RECORDS below:
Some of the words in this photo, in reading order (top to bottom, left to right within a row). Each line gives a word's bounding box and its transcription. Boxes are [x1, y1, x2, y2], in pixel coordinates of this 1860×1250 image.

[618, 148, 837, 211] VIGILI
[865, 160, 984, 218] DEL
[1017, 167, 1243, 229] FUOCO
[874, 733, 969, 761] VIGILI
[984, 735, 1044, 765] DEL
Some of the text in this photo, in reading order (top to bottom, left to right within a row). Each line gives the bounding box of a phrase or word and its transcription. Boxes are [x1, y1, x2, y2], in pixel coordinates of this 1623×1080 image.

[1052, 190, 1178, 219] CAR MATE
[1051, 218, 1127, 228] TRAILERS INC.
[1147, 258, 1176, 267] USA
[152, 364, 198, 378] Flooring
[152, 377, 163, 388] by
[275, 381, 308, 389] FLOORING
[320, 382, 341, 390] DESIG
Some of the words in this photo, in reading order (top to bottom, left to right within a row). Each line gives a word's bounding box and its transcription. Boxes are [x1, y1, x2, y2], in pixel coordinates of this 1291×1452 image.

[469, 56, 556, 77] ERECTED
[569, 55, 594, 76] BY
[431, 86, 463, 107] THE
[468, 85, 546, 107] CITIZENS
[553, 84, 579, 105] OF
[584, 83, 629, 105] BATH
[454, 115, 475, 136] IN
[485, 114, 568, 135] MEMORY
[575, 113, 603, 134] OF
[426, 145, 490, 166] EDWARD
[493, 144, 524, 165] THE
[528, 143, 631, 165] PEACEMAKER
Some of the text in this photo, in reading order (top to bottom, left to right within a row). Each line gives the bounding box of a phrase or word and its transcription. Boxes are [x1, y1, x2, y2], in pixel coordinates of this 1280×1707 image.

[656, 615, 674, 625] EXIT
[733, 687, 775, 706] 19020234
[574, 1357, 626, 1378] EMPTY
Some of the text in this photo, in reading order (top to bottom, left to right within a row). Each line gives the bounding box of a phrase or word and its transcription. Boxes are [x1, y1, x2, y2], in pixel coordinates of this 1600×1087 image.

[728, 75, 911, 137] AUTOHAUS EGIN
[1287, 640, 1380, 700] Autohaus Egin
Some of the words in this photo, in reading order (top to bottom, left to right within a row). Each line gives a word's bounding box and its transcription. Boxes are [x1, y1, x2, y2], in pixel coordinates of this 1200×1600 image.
End of RECORDS.
ABOUT THIS EXERCISE:
Once the records have been read, print them all again exactly.

RESPONSE TO THIS EXERCISE:
Some of the words in this photo, in reading order (top to bottom, left to right within a row). Each line gives a word's bounding box and its transcription. Boxes are [x1, y1, x2, y2], in pixel coordinates of this 1860×1250 image.

[618, 148, 837, 211] VIGILI
[865, 160, 984, 218] DEL
[1017, 167, 1243, 229] FUOCO
[874, 733, 969, 761] VIGILI
[984, 735, 1044, 765] DEL
Some of the text in this photo, in reading order (top to bottom, left to right within a row). Each line gives the bounding box of a phrase or word and its transcription. Boxes are [x1, y1, x2, y2], in pixel coordinates of this 1623×1080 image.

[1052, 190, 1178, 219] CAR MATE
[1051, 218, 1127, 228] TRAILERS INC.
[1147, 258, 1176, 267] USA
[152, 364, 198, 378] Flooring
[152, 377, 163, 388] by
[275, 381, 308, 389] FLOORING
[320, 382, 341, 390] DESIG
Some of the words in this photo, in reading order (top to bottom, left to right within a row). Each line gives a word's bounding box and its transcription. Boxes are [x1, y1, x2, y2], in pixel coordinates of this 1291×1452 image.

[469, 56, 556, 77] ERECTED
[569, 55, 594, 76] BY
[431, 86, 463, 107] THE
[468, 85, 546, 107] CITIZENS
[553, 84, 579, 105] OF
[584, 83, 629, 105] BATH
[454, 115, 475, 136] IN
[485, 114, 568, 135] MEMORY
[575, 113, 603, 134] OF
[426, 145, 490, 166] EDWARD
[493, 144, 524, 165] THE
[528, 143, 631, 165] PEACEMAKER
Some of the text in this photo, in reading order (top to bottom, left to right within a row). Each line gives the bounding box of a phrase or word and its transcription. Boxes are [x1, y1, x2, y2], in pixel coordinates of this 1280×1707 image.

[656, 615, 674, 625] EXIT
[733, 687, 775, 706] 19020234
[574, 1357, 626, 1378] EMPTY
Some of the text in this photo, in reading order (top to bottom, left to right within a row). Each line gives the bounding box of a phrase or word and its transcription. Boxes are [x1, y1, x2, y2], in pixel coordinates of this 1600×1087 image.

[728, 75, 911, 137] AUTOHAUS EGIN
[1287, 640, 1380, 700] Autohaus Egin
Some of the words in this photo, in reading order (top to bottom, left to right within a row). Each line gives a word's bounding box and its transcription. Boxes are [x1, y1, x2, y2], in pixel coordinates of this 1200×1600 image.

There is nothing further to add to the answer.